エルはユノの魔力の感覚を確かめると、ユノと十メートルほど距離を取る。バチバチっという音と同時に青白い光の筋がエルの周りで迸る。
「これが雷属性の《自己属性付与》、《雷纏》だ」
エルの言葉を聞き取り終えると同時に、ユノの背中に感触が襲う。振り向くとニヤリと口を歪めたエルの姿。鳥肌が走る。
「これからお前には、これを習得してもらう」
恐らくエルが昨日見せた超高速機動並みの速さ。それをこの一月で習得出来るとなれば。ユノのテンションは最高潮に達した。
「はい!!!」
ユノは目を今日一番輝かせ、元気よく応えた。
「というかなんで師匠は《雷纏》が使えるんですか?」
ユノの魔力を使えば原理的には雷属性魔法を使うことは可能だ。しかしそれは机上の空論。感覚が左右そんな方法で適性がない属性の魔法を行使できる者といえば、ほんの一握りの天才たちだけ。ユノは何かカラクリがあるのでは、と思ったのだ。
「一度見た魔法は原理的な条件が揃えば大抵は再現できる。まあ原理的な条件が揃うことがそうないから、殆ど使い所は無いんだがな」
エルは例外だったようだ。
「そ、それにしてもすごい能力ですね」
「これこそ宝の持ち腐れって奴だ。ああ、でもお前を弟子にしたことで少しは使い道ができたか」
エルの適性属性ならば宝の持ち腐れということはないのではないか、とユノは思ったが、エルが無駄な能力というならそうなのだろうと勝手に納得した。
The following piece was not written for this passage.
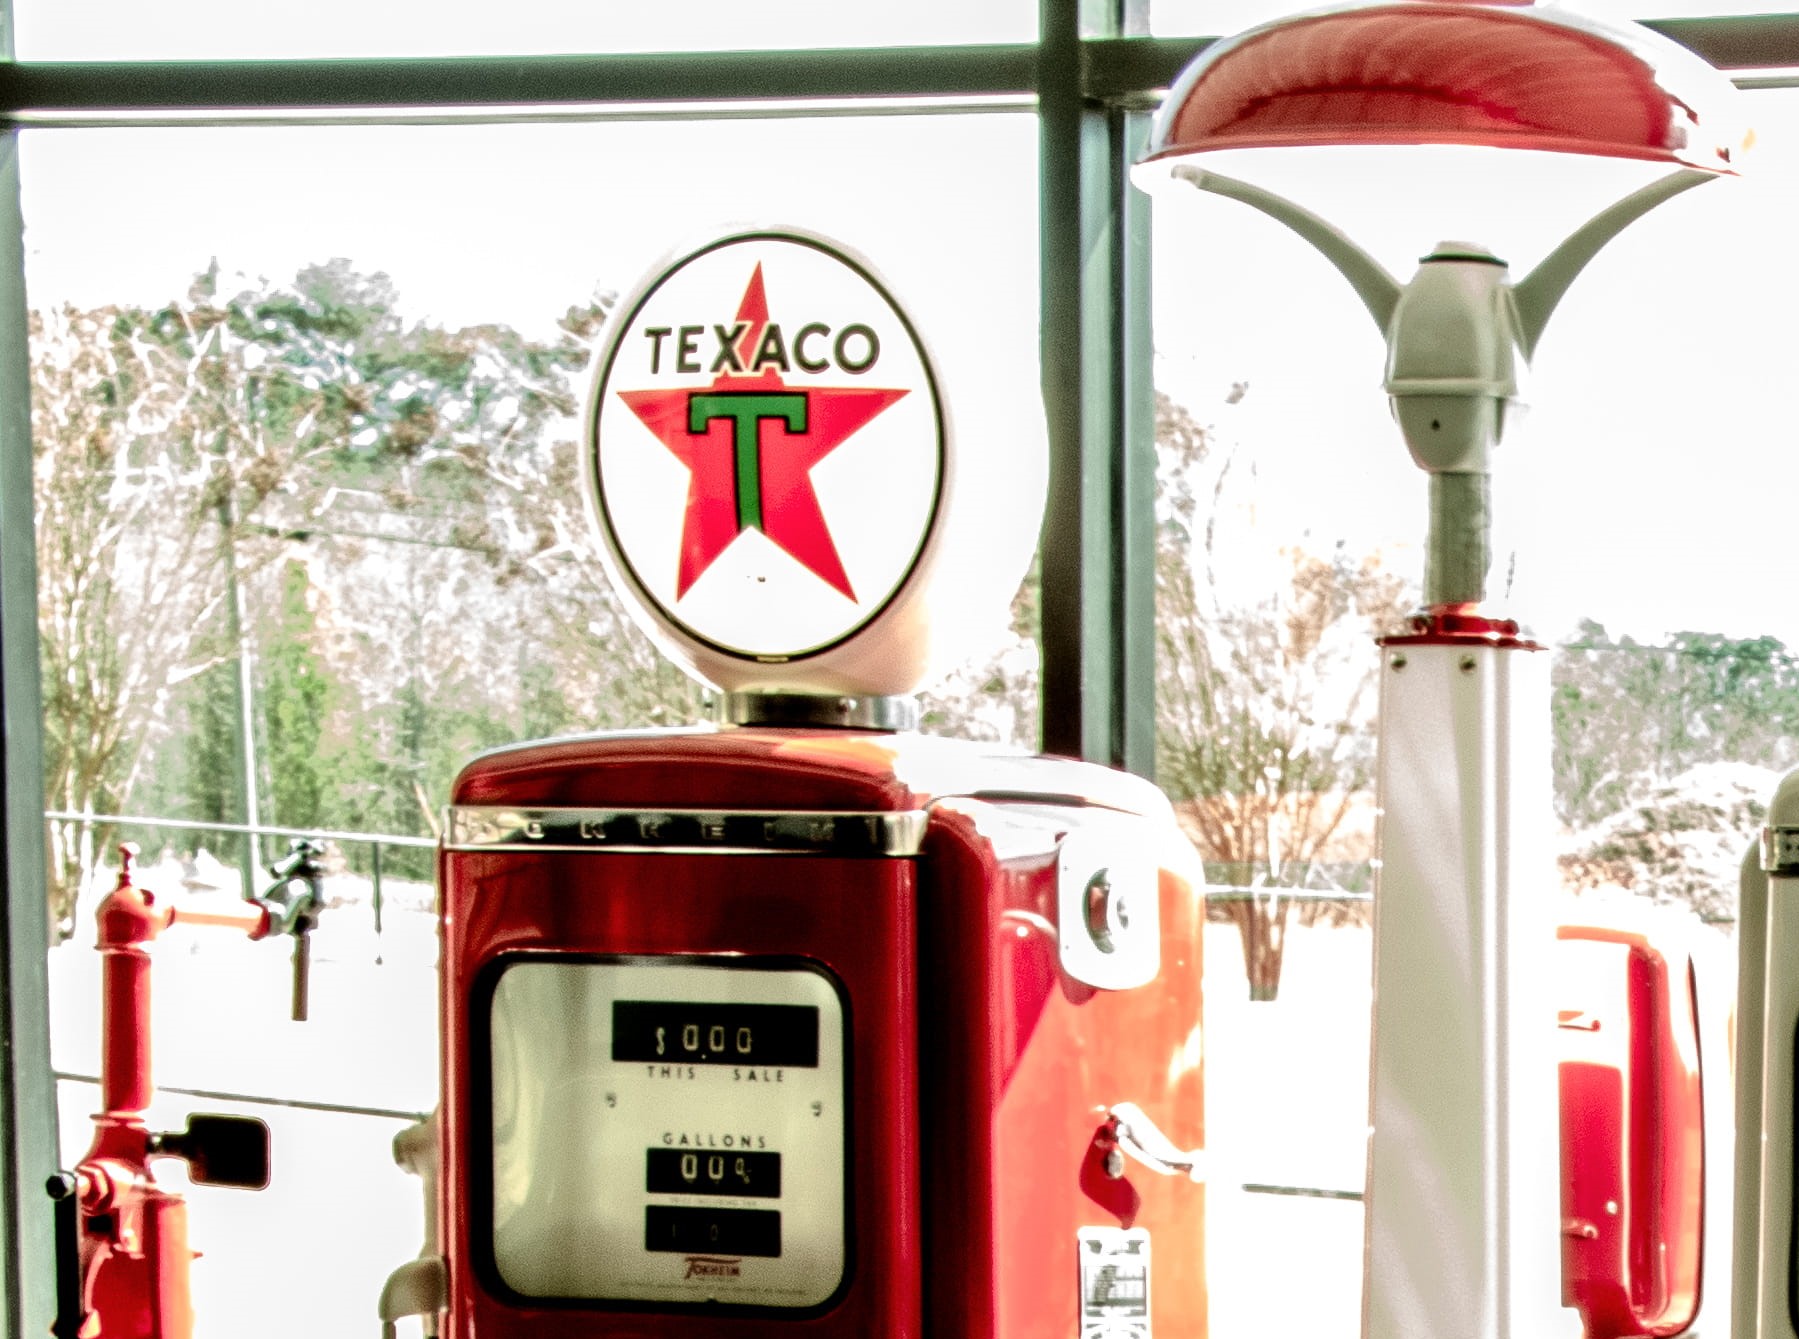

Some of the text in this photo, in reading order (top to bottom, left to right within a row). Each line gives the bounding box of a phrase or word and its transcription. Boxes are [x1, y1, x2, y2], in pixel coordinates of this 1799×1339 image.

[643, 321, 881, 376] TEXACO
[647, 1066, 784, 1082] THIS SALE
[662, 1132, 766, 1149] GALLONS
「で、《雷纏》習得の計画なんだが、まずは俺がお前に《属性付与》を掛けて、その状態で自由に動き回れるようになってもらう。そしたらその感覚を頼りに自分で発動、展開、維持までできるようにする。そこまでできたらあとは展開までの速度を実戦で使えるまでに引き上げる。
大体こんな感じだが、これでいいか?」
「はい、大丈夫です」
ユノの了承を得るとすぐにエルは動き始めた。
「じゃあ早速」
差し出されたエルの手に、ユノは魔力を流す。何回か分の魔力を貰ったエルはユノの背後に回ると背中に手を当て、《属性付与》を発動する。先程のエル同様、青白い光の筋を纏ったユノは目を見開いた。
「これ、すごい...」
速度面においてユノが今まで使ってきた《身体強化》の完全なる上位互換。その効果の強さをユノは使用せずとも感じていた。
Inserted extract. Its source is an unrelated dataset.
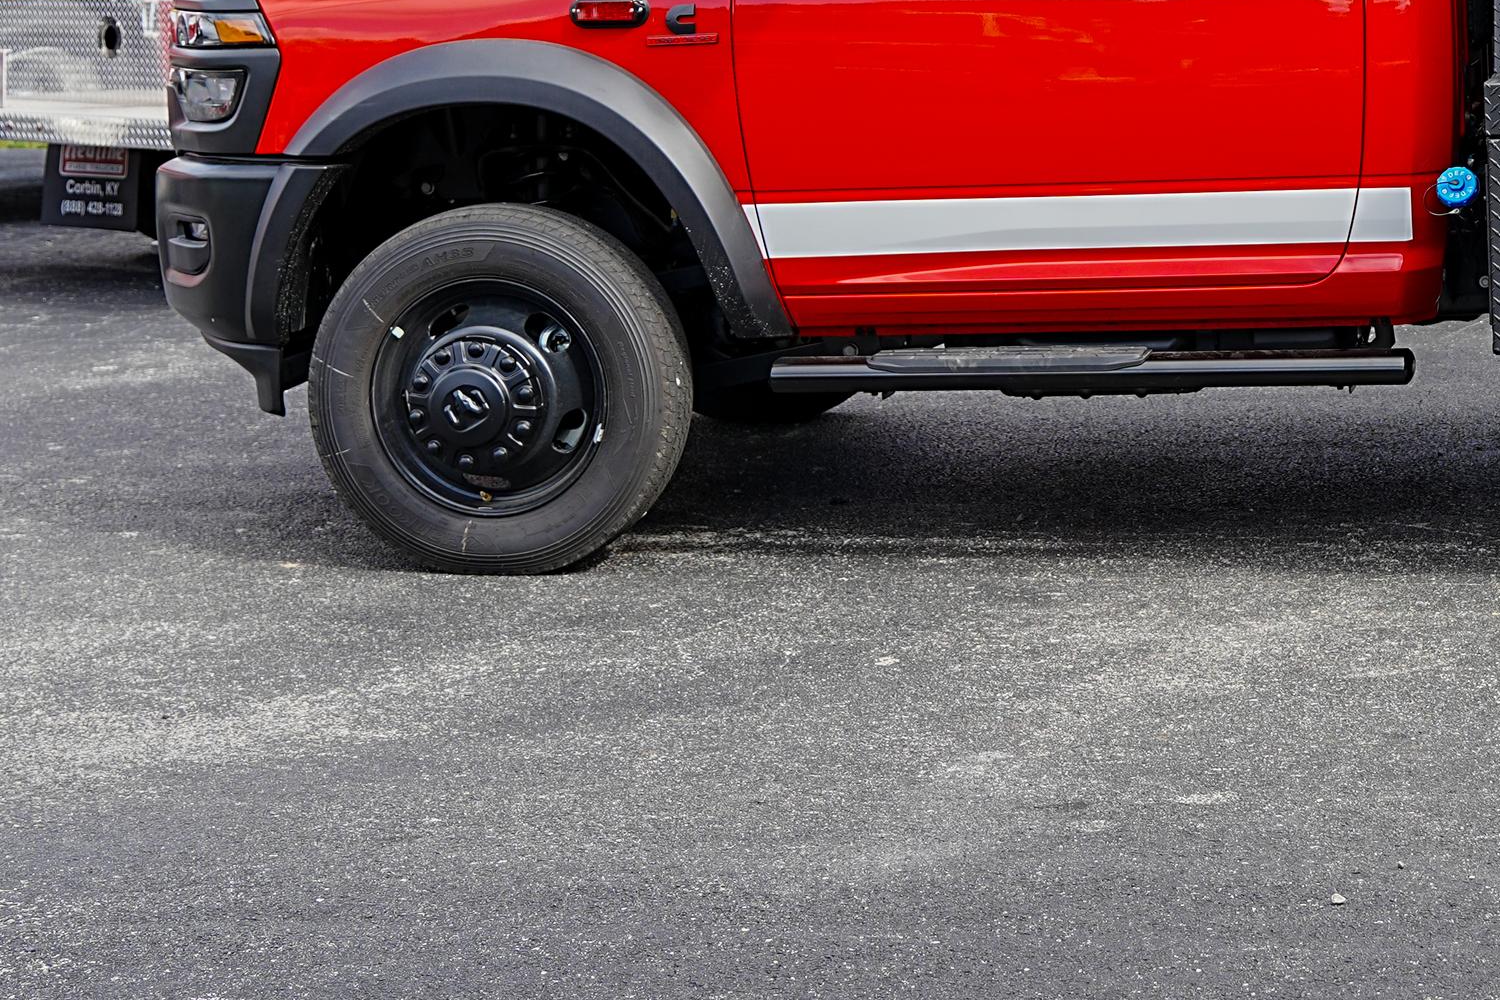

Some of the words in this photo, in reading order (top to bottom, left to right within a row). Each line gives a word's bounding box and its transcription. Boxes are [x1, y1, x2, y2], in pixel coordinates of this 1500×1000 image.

[1447, 170, 1465, 178] DEF
[65, 179, 104, 197] Corbin,
[105, 181, 120, 196] KY
"なにこれ...? 今なら師匠と同じくらいのスピードで動ける気がする"
「ああ、その状態で無闇に動き回るなよ」
エルの忠告を受けたユノは軽く走り出す。
「はやっ......!」
エルの視線の先には一瞬で壁に激突したユノ。エルの言葉と壁を覆う弾力のある魔障壁、それとエルが同時に掛けた《身体強化》のおかげで気絶は免れたものの、かなりの痛みがユノを襲う。
「頭がぁ......」
「だから言っただろ無闇に動き回るなって」
「流石にあんなになるとは思わないですよ」
少し踏み込んだだけでこの速度。未だ強烈な痛みに頭を抑えているユノだが、改めてこの魔法の強さを実感していた。
「もう一回お願いします!」
「はいはい」
エルはもう一度ユノに魔法を掛ける。
そしてもう一度壁に激突していった。
「もう一回お願いします!」
激突。
「お願いします!」
激突。
「お、お願いします!」
激突。
「おねがい、します」
激突。
「お、おねがいします」
激突。
「おねがい、します!」
そして七回目。激突。
......はしなかった。
「師匠! 壁の前で止まれました!」
止まれたことにはしゃぐユノに対して、エルは内心感心していた。
"初回で連続七回とか耐えられないはずなんだが、それにたった七回で止まれるようになるとは。まあそのせいでもう身体が限界だな"
見ただけで再現できる男と比べてはいけない、七回で静止できるというのは凄いことなのだ。
「ああ、そりゃよかった。じゃあ今日はこれくらいにしとくか」
「なんでですか?」
もっと修行がしたいのか食い気味に問うユノ。
「お前はよくてもお前の身体は限界だ。休ませてやれ」
そう言いながらユノの背中をつつくエル。痛みに悶えるユノは嫌々だったがエルの命令を受け入れた。
その後ユノの身体が魔法湿布だらけになったのは余談である。